Sex and the guppy: females flock together to cope with over-lusty males
Jeremy Laurance is a writer on health issues. He is former health editor of The Independent and the i and has covered the specialism for more than 20 years. He thinks the harm medicine does is under-appreciated, the harm it prevents over-rated, and that cycling works better than most drugs. He was named Specialist Journalist of the Year in the 2011 British Press Awards.
Wednesday 07 December 2011
If a man without a woman is like a fish without a bicycle, as the feminist slogan has it, can the behaviour of our aquatic ancestors teach us anything about human relations?
Yes, according to scientists who have studied the strategies adopted by females for fending off unwanted male attention. The secret, they say, is to surround yourself with more attractive female friends.

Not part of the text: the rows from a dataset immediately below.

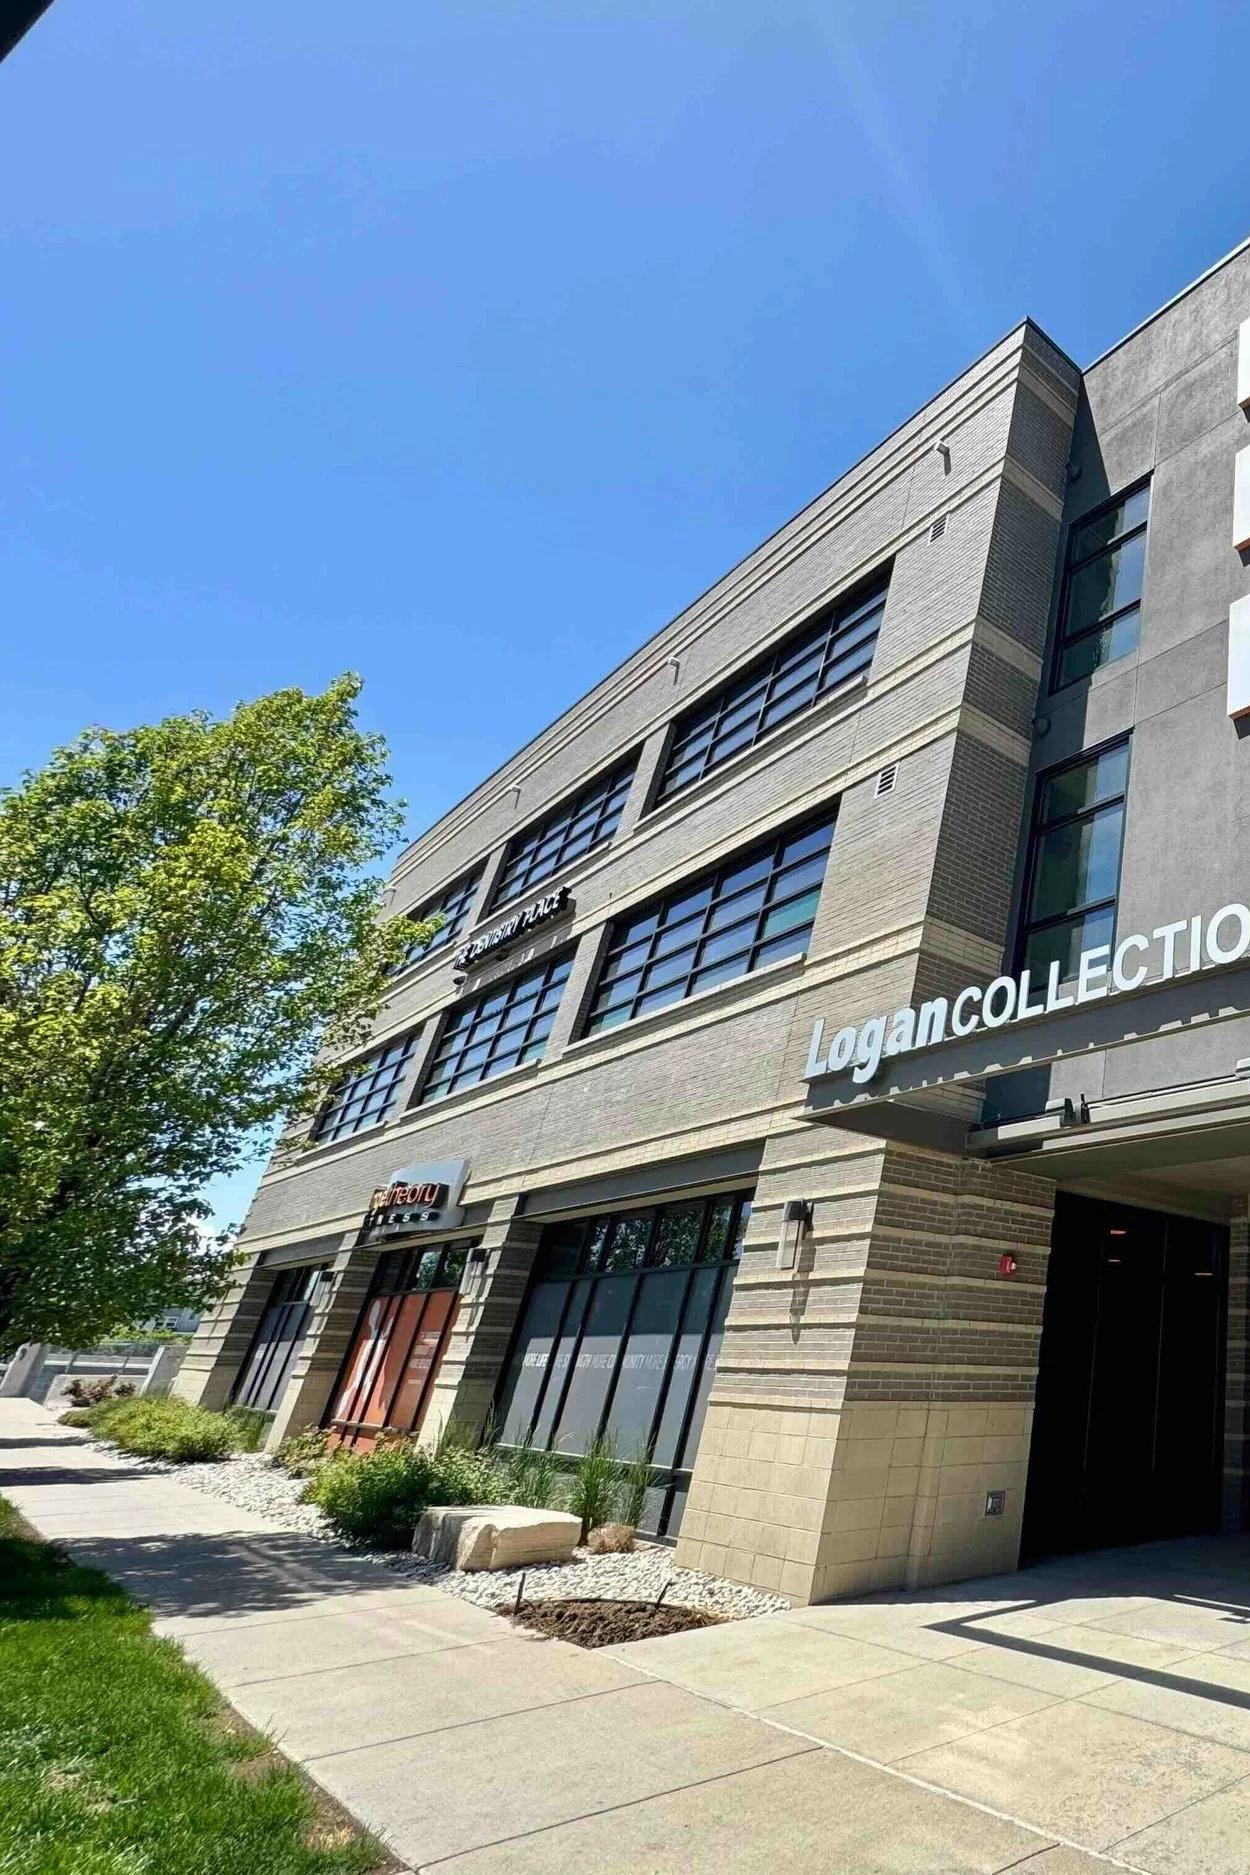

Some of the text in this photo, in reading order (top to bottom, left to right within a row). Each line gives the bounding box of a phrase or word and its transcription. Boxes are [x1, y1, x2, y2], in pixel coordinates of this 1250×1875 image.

[521, 887, 564, 928] PLACE
[371, 1183, 440, 1216] getheory
[368, 1210, 431, 1227] TNESS
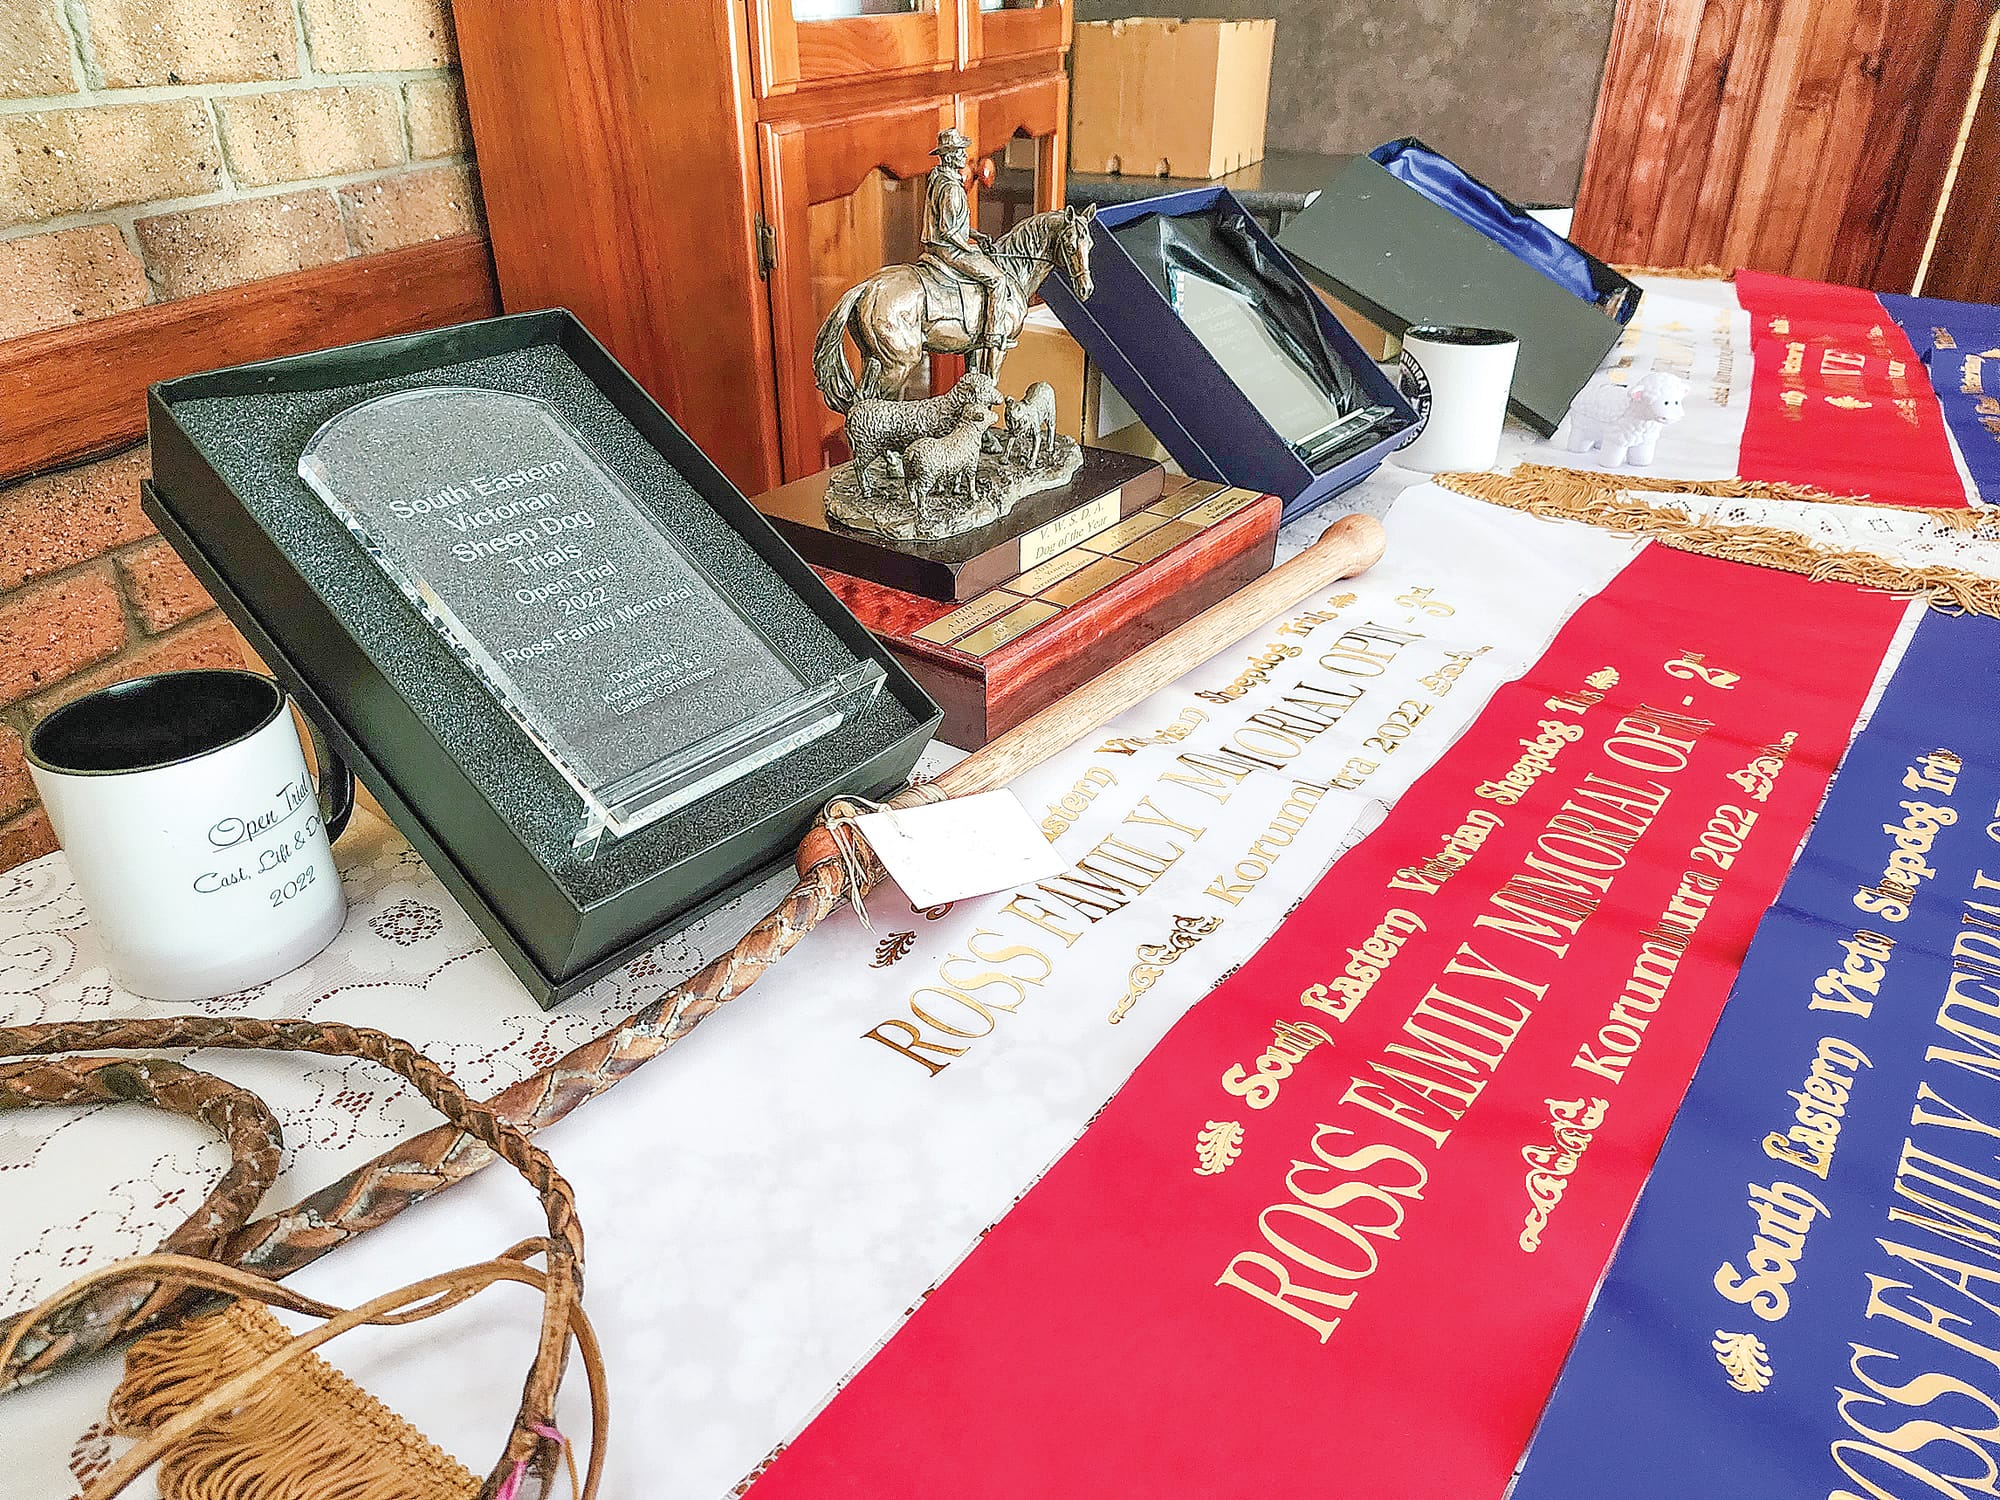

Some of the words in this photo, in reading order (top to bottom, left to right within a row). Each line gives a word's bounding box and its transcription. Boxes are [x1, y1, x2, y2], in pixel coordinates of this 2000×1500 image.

[389, 484, 472, 519] South
[470, 459, 570, 496] Eastern
[443, 490, 559, 532] Victorian
[452, 527, 540, 563] Sheep
[538, 510, 595, 536] Dog
[506, 544, 583, 575] Trials
[1035, 543, 1056, 560] Dog
[1058, 532, 1070, 548] of
[1070, 528, 1084, 542] the
[1087, 516, 1108, 533] Year
[514, 577, 574, 605] Open
[572, 558, 620, 584] Trial
[558, 586, 613, 616] 2022
[502, 637, 556, 665] Ross
[553, 614, 616, 645] Family
[615, 583, 696, 624] Memorial
[948, 605, 972, 618] 2010
[955, 603, 994, 624] Dickson
[601, 670, 673, 705] Korumburra
[671, 663, 684, 675] A
[682, 658, 693, 669] &
[610, 655, 661, 683] Donated
[660, 650, 679, 665] by
[612, 693, 655, 716] Ladies
[654, 667, 716, 698] Committee
[1194, 641, 1303, 704] Sheepdog
[1363, 700, 1433, 754] 2022
[208, 810, 279, 847] Open
[276, 772, 310, 811] Trial
[194, 867, 251, 893] Cast,
[258, 844, 292, 874] Lift
[294, 831, 305, 850] &
[269, 865, 316, 908] 2022
[1852, 799, 1959, 923] Sheepdog
[859, 928, 1052, 1077] ROSS
[998, 795, 1207, 948] FAMILY
[1222, 1020, 1335, 1109] South
[1300, 909, 1428, 1022] Eastern
[1387, 808, 1505, 896] Victorian
[1475, 719, 1585, 806] Sheepdog
[1571, 870, 1723, 1085] Korumburra
[1690, 804, 1759, 871] 2022
[1762, 1036, 1874, 1180] Eastern
[1214, 1123, 1429, 1345] ROSS
[1337, 941, 1550, 1150] FAMILY
[1714, 1181, 1832, 1322] South
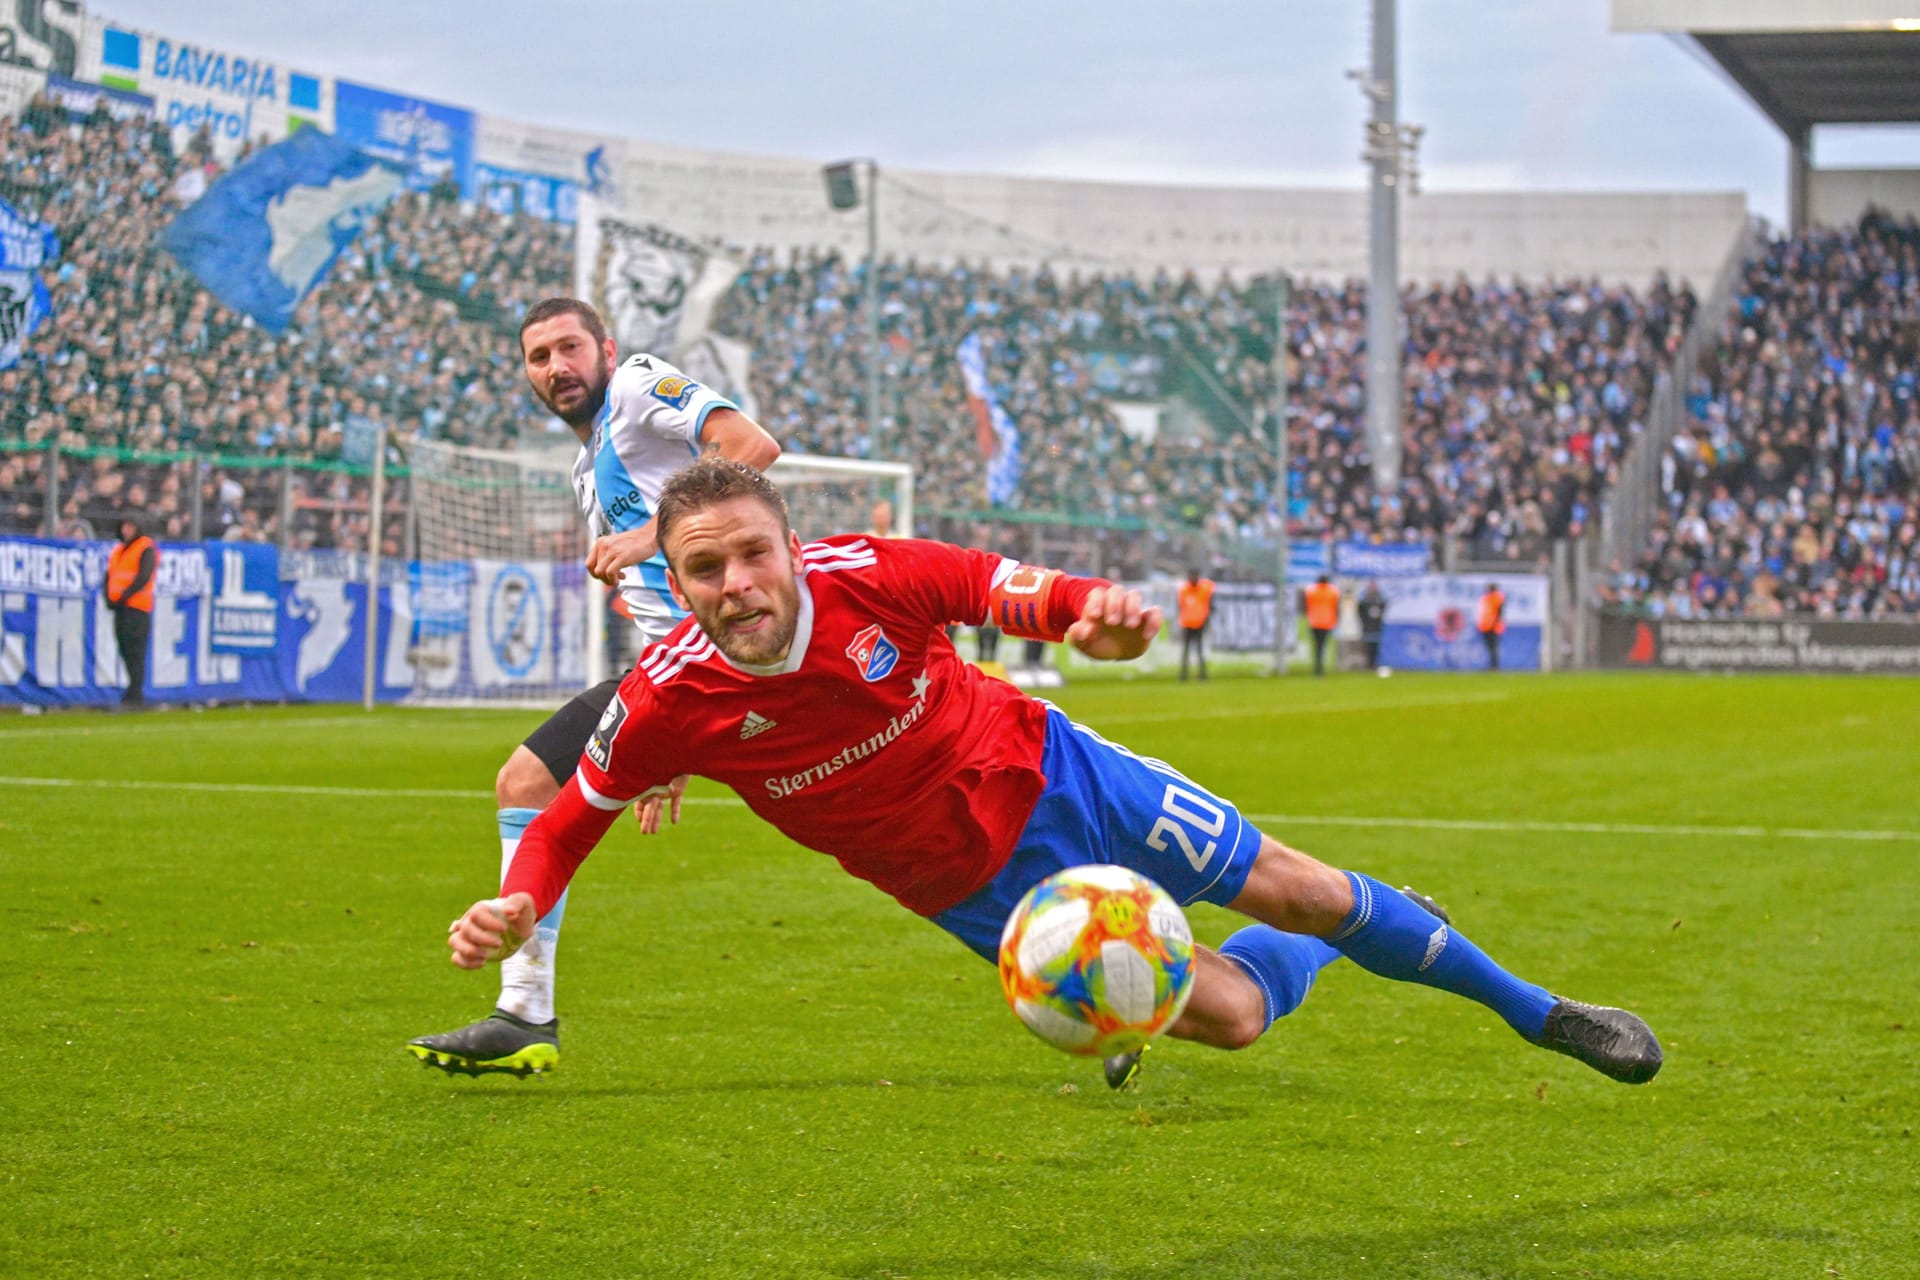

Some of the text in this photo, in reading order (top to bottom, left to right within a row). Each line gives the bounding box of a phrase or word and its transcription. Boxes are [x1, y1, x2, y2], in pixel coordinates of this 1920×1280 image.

You see this in school playgrounds – a bunch of girls hanging out together who are a mixture of the flirty and the shy, the latter gaining comfort from the protection afforded by their more extrovert and glamorous companions.
Researchers studying a species of small freshwater fish called the Trinidadian guppy found that females chose to swim in groups with others more attractive than themselves and so reduced the constant harassment and frequent mating attempts for which male guppies have a reputation.
The burden on females from the persistent unwanted male advances can be so great that they have difficulty finding food or escaping from predators.
Female guppies are "receptive" to mating for a few days each month during which they emit a sexual pheromone that attracts males. The researchers monitored the fish during both receptive and non-receptive phases and found that when non-receptive they spent more time with receptive females, securing some peace from the advances of the males.
Safi Darden, of the University of Exeter, who led the study published in Proceedings of the Royal Society B, said: "Although we focused our study on one species of fish, I would expect that this strategy would be seen in other species where females face similar levels of unwanted sexual attention from males."